A while ago the Internets presented me with another old photograph I found interesting. It dates from the 1920's, and shows a Hollywood Mediterranean style commercial building with a movie theatre called La Paloma in it. It was (and still exists, as I discovered) in Encinitas, a small town near San Diego, since engulfed by that metropolis. In the photograph, the building has that odd look of something that was mistakenly built in the wrong location. The city street which fronts it gives way just beyond to a country road lined with exotic eucalyptus trees.

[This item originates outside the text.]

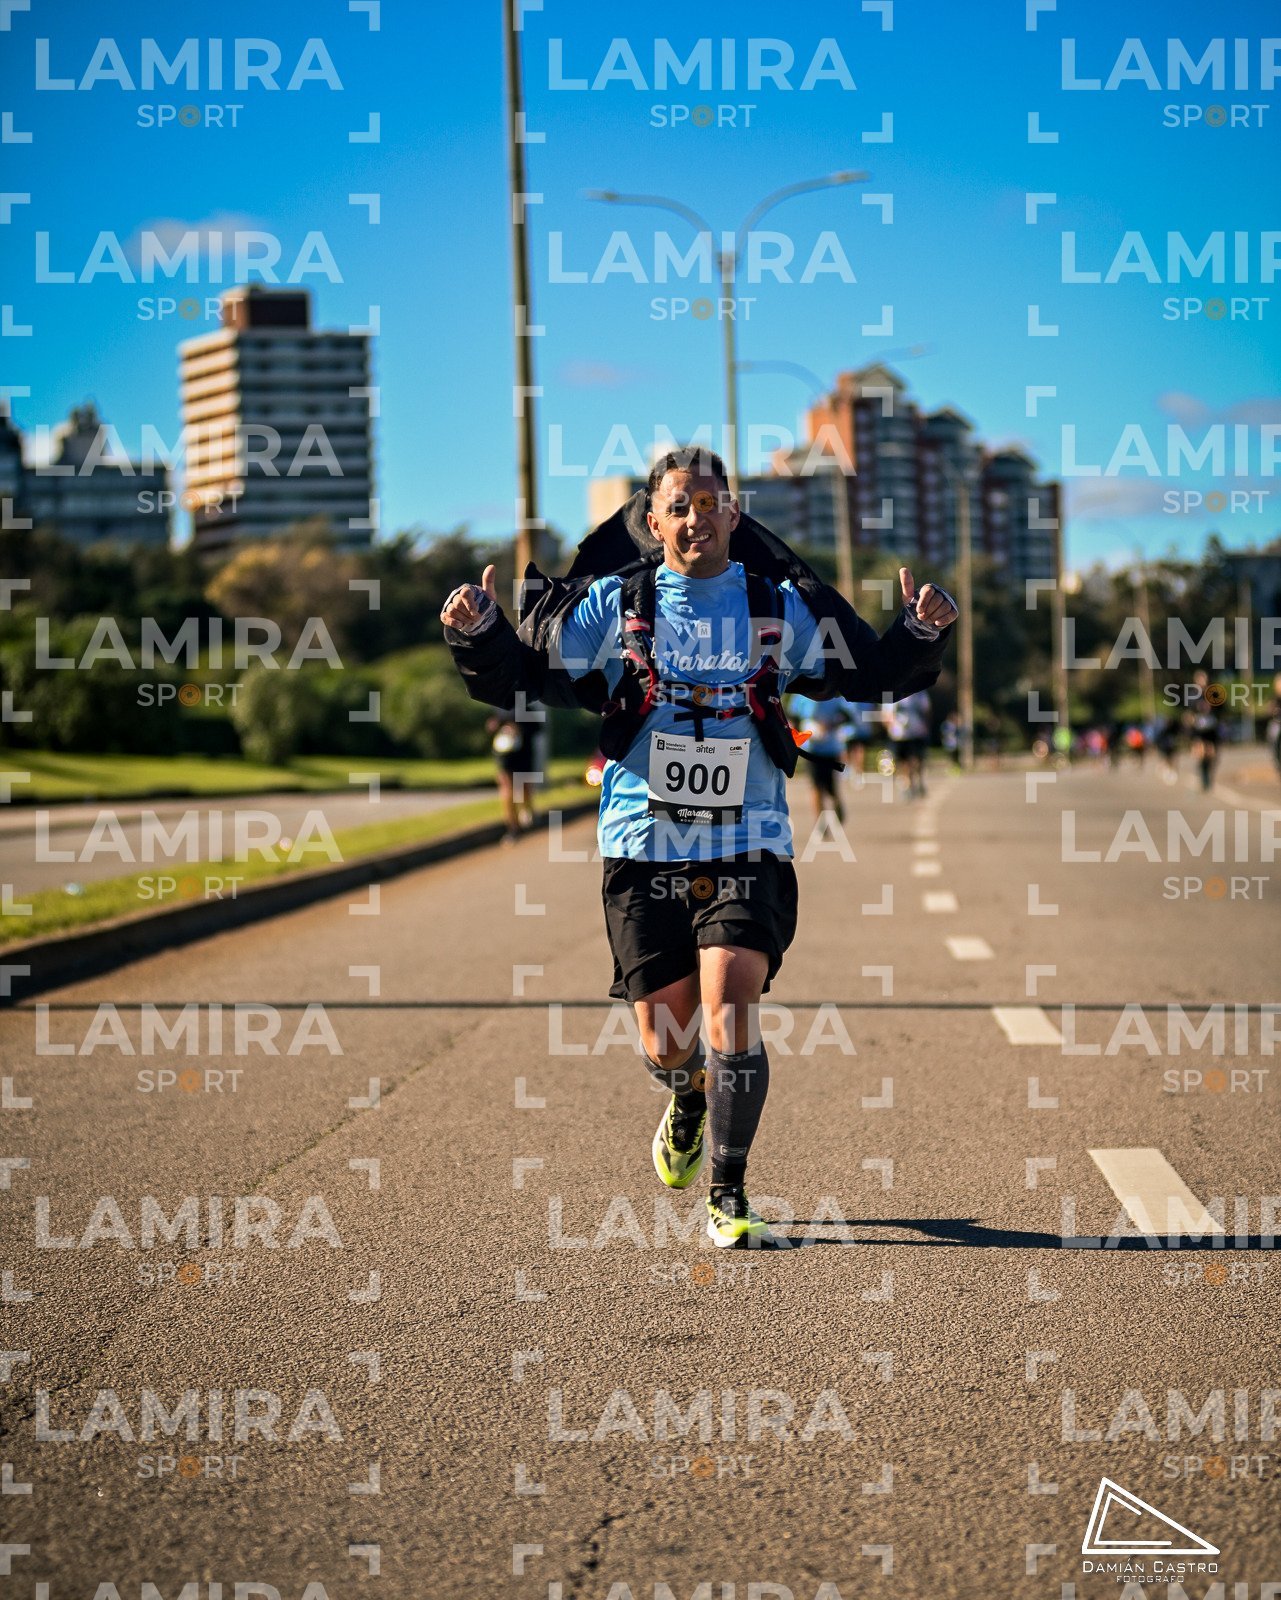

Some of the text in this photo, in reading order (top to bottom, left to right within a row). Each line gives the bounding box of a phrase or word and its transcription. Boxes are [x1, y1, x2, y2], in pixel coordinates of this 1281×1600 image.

[696, 745, 716, 754] antel
[665, 761, 730, 796] 900
[677, 808, 714, 820] Maratón

Thus the picture provides several things I find engaging-- an old building (when it was new), a street scene, a piece of vanished Southern California landscape, an incongruity between urban and rural elements, some of my favorite trees, and even a row of parked 1920's vintage cars. In addition, there is at the far left side of the picture a fragment of a filling station, in the form of one of those old glass-topped gas pumps I remember occasionally seeing in the back-country when I was very small. (I wrote about them once, but can't find the entry now.) Though this building still exists, I don't recall ever having seen it. Now that I know it's there, I'll probably have an urge (unlikely to be fulfilled) to go to San Diego and look at it, though I'm sure its surroundings are entirely different today. I enjoy looking at the picture, though. I also enjoy the opposite view, along the street toward downtown Encinitas, which is featured on the front page of the theatre's web site.
The La Paloma Theatre opened in 1928, in Encinitas, California, a small town since engulfed by metropolitan San Diego.
I see by the growing light that the rain has diminished, and the fog has grown thicker. I think I'll go out and see what it smells like now, before I go to sleep.